For models support tool calling or json mode, we can makes use of these capabilities to generate structured output.
See https://python.langchain.com/docs/how_to/structured_output/ for details.
Are you willing to submit a PR?
- [ ] I'm willing to submit a PR!
@wenjin272 Hello, I have some questions about this requirement. Question: How to handle the capability differences between different models?
Model Tool Calling JSON Mode Structured Output API
| 模型 | Tool Calling | JSON Mode | Structured Output API |
|---|---|---|---|
| OpenAI GPT-4 | ✅ | ✅ | ✅ (response_format) |
| Anthropic Claude | ✅ | ⚠️ (beta) | ❌ |
| Ollama (Qwen/Llama) | ✅ | ❓ | ❓ |
| Tongyi Qwen | ✅ | ❓ | ❓ |
Question:
Is it necessary to implement a separate adaptation for each ChatModel?

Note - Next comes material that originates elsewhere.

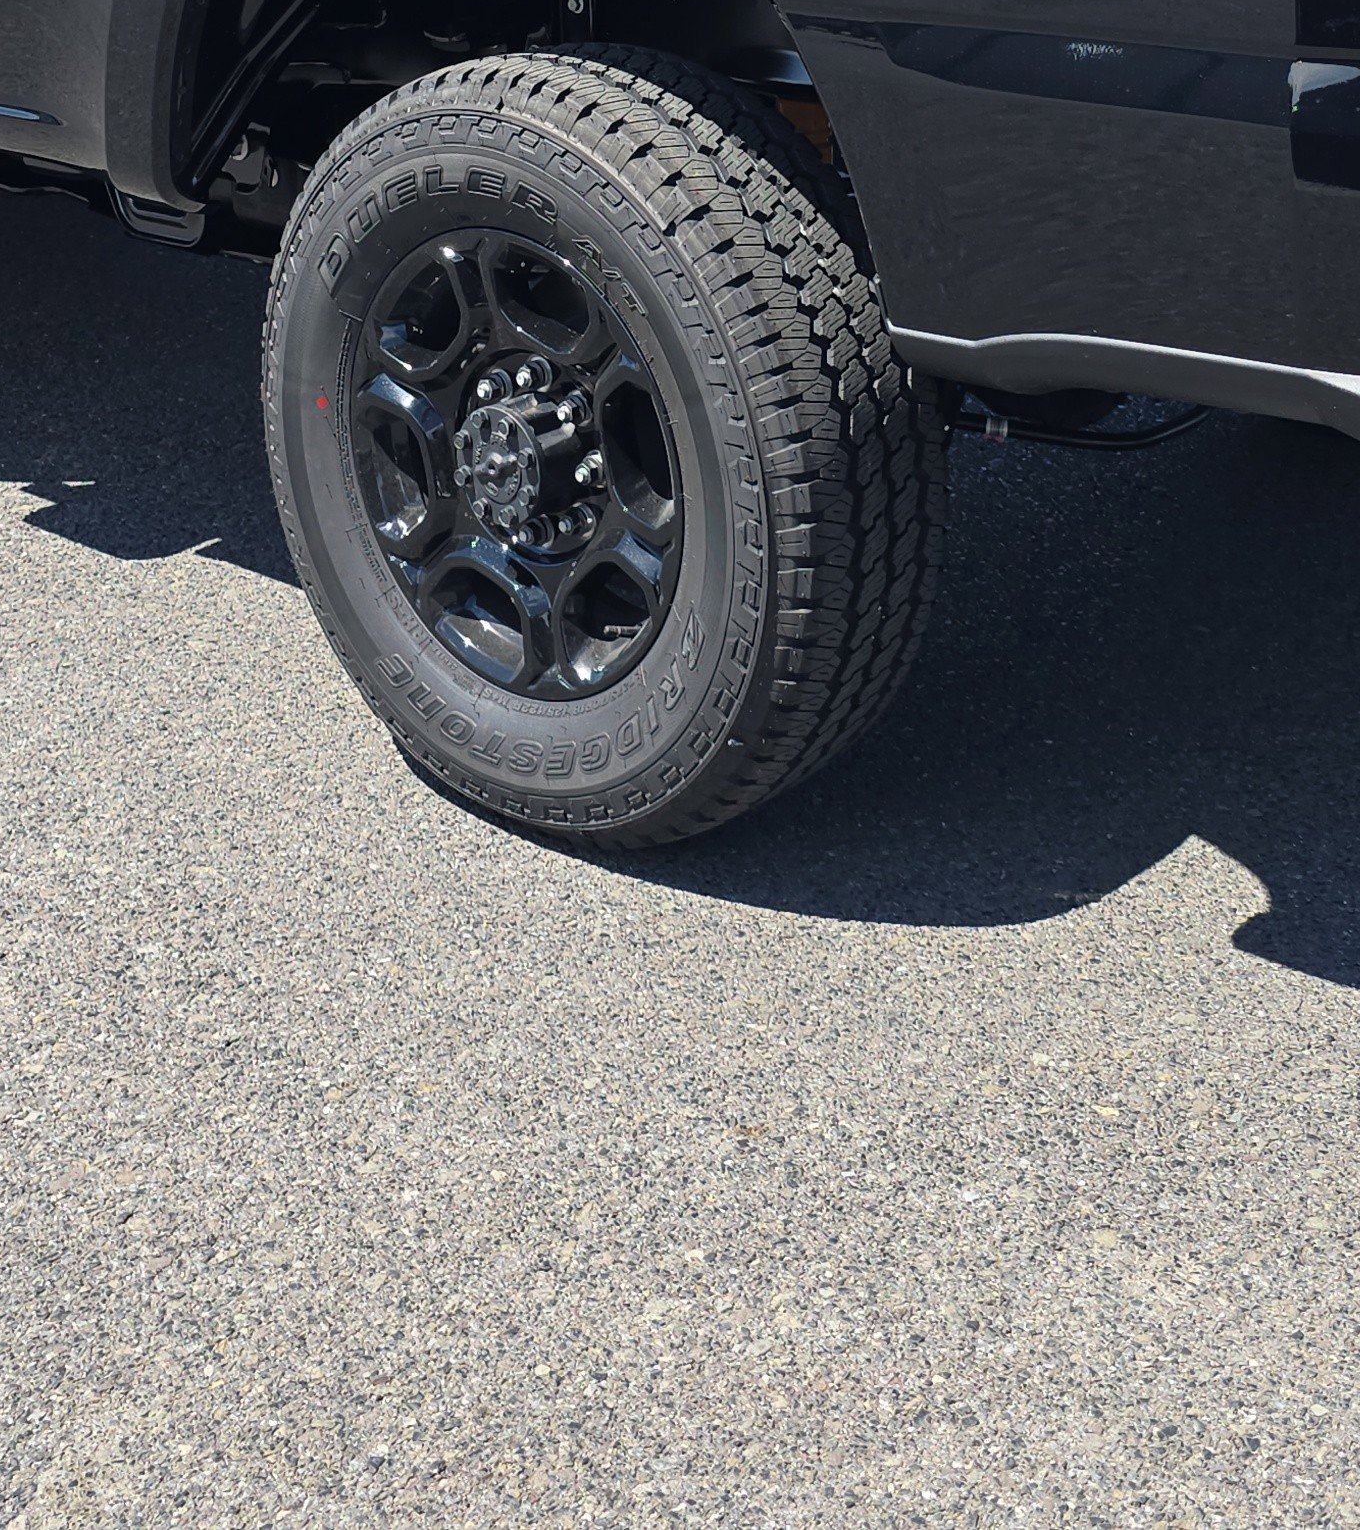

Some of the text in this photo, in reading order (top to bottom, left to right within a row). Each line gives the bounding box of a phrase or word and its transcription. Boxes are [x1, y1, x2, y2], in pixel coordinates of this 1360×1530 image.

[318, 164, 649, 318] DUELER A/T
[374, 604, 706, 779] BRIDGESTONE

Capability detection mechanism (runtime vs. configuration time)?
Degradation strategy (JSON mode failure → tool calling → prompt)?
Besides that, there's another problem. Semantic issues of using Tool Calling for structured output
Question: Is it reasonable to use Tool Calling to implement structured output? Technically feasible: Define a virtual tool named "formatoutput"
{
"name": "format_output",
"description": "Format the final response",
"parameters": OutputData.model_json_schema()
}
However, there are problems:
-
Semantic ambiguity: The tool should "perform an action," not "format output"
-
User experience: This "virtual tool" will appear in the tools list
-
Conflict with real tools: React Agent already has tool invocation capabilities
You can refer to the structured output doc of langChain:https://docs.langchain.com/oss/python/langchain/structured-output.

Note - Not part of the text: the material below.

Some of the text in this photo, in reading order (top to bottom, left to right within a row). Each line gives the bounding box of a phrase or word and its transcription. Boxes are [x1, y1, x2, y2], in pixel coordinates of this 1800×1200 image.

Roughly speaking, the performance of structured output can be ranked as follows:
- Use the native structured output capabilities provided by the model provider, currently only OpenAI and Grok.

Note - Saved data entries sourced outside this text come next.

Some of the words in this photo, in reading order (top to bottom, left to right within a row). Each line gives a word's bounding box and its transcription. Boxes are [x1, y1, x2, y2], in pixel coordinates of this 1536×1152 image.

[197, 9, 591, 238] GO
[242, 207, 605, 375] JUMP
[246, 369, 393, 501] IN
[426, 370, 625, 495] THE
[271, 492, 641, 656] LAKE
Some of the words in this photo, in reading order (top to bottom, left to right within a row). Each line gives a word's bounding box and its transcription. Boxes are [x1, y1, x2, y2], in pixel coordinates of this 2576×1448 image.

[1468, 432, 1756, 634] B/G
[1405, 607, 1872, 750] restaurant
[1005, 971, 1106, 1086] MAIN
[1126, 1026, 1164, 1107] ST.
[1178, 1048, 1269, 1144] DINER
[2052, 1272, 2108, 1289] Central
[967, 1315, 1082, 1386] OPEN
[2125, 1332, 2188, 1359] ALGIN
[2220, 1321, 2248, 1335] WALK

- Use the tool calling to achieve the same result.
- Use prompt and examples to instruct llm.
Flink-Agents should provide all the strategy.
In addition, these questions seem to be rhetorical ones posed by an AI programming assistant. I hold a positive attitude towards using AI for programming assistance, but developers should to ensure their own understanding of the problems and the quality of the generated code.
You can refer to the structured output doc of langChain:https://docs.langchain.com/oss/python/langchain/structured-output.
Roughly speaking, the performance of structured output can be ranked as follows:
- Use the native structured output capabilities provided by the model provider, currently only OpenAI and Grok.
- Use the tool calling to achieve the same result.
- Use prompt and examples to instruct llm.
Flink-Agents should provide all the strategy.
Of course, for a new project like yours, an AI programming assistant is a good development partner for understanding the project. For submitted pull requests, I will meet their requirements and ensure they pass testing.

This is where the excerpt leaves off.